[[ Input records open ]]

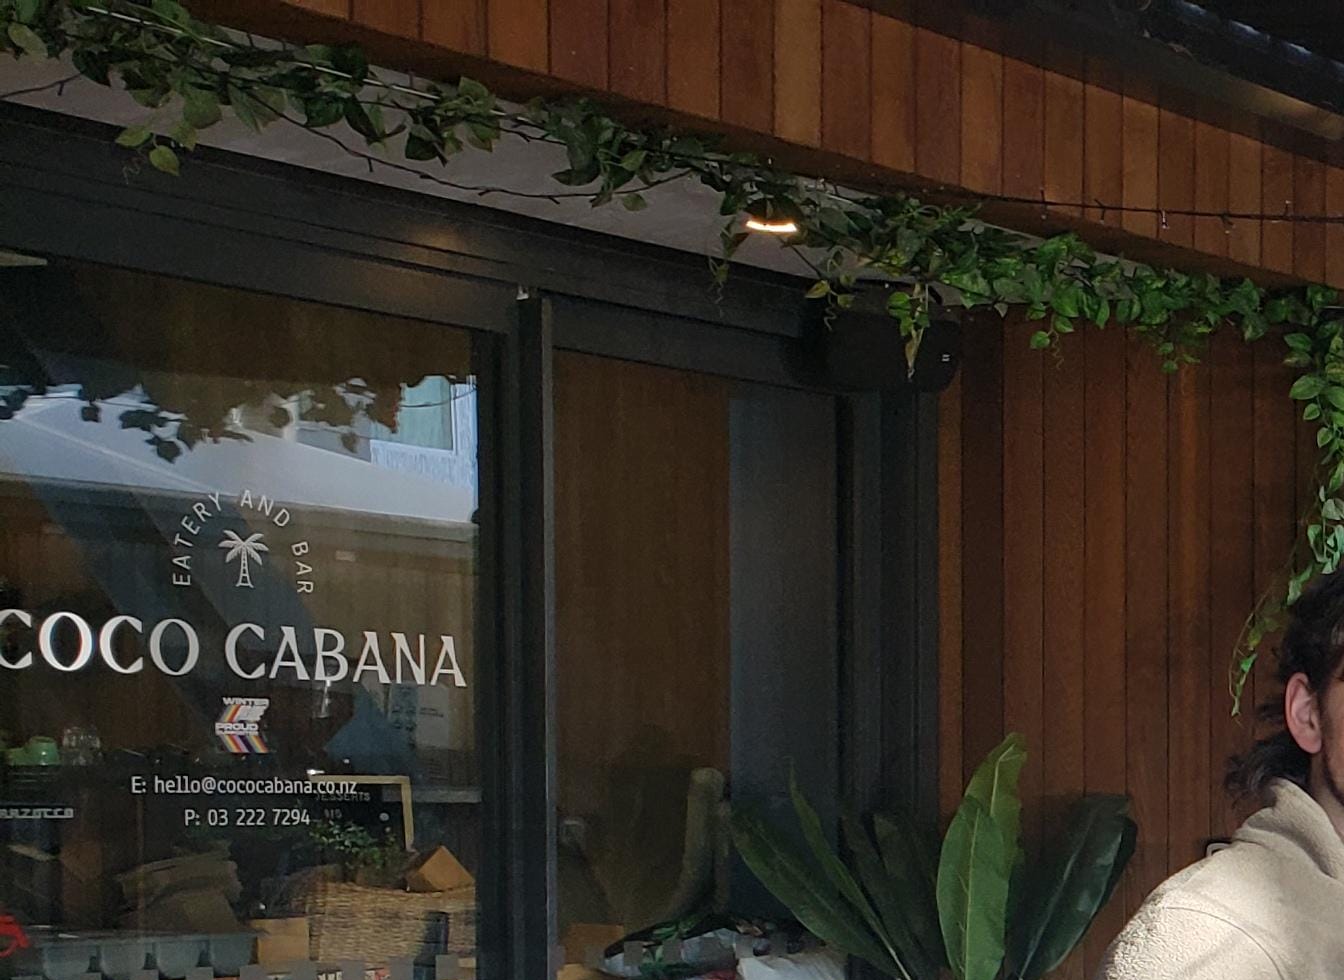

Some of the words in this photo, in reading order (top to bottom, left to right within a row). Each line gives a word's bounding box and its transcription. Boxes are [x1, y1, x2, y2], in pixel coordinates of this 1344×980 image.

[172, 492, 222, 586] EATERY
[240, 489, 290, 527] AND
[291, 541, 314, 593] BAR
[0, 608, 200, 676] COCO
[224, 622, 467, 688] CABANA
[215, 722, 258, 731] PROUD
[131, 778, 147, 793] E:
[153, 775, 357, 795] hello@cococabana.co.nz
[184, 810, 200, 825] P:
[207, 810, 230, 827] 03
[235, 809, 266, 826] 222
[271, 808, 310, 825] 7294

[[ Input records closed ]]

▶ **Task directions**
Word for word, restate all of the records. Exclude the pictures.

▶ **Expected answer**
Some of the words in this photo, in reading order (top to bottom, left to right within a row). Each line gives a word's bounding box and its transcription. Boxes are [x1, y1, x2, y2], in pixel coordinates of this 1344×980 image.

[172, 492, 222, 586] EATERY
[240, 489, 290, 527] AND
[291, 541, 314, 593] BAR
[0, 608, 200, 676] COCO
[224, 622, 467, 688] CABANA
[215, 722, 258, 731] PROUD
[131, 778, 147, 793] E:
[153, 775, 357, 795] hello@cococabana.co.nz
[184, 810, 200, 825] P:
[207, 810, 230, 827] 03
[235, 809, 266, 826] 222
[271, 808, 310, 825] 7294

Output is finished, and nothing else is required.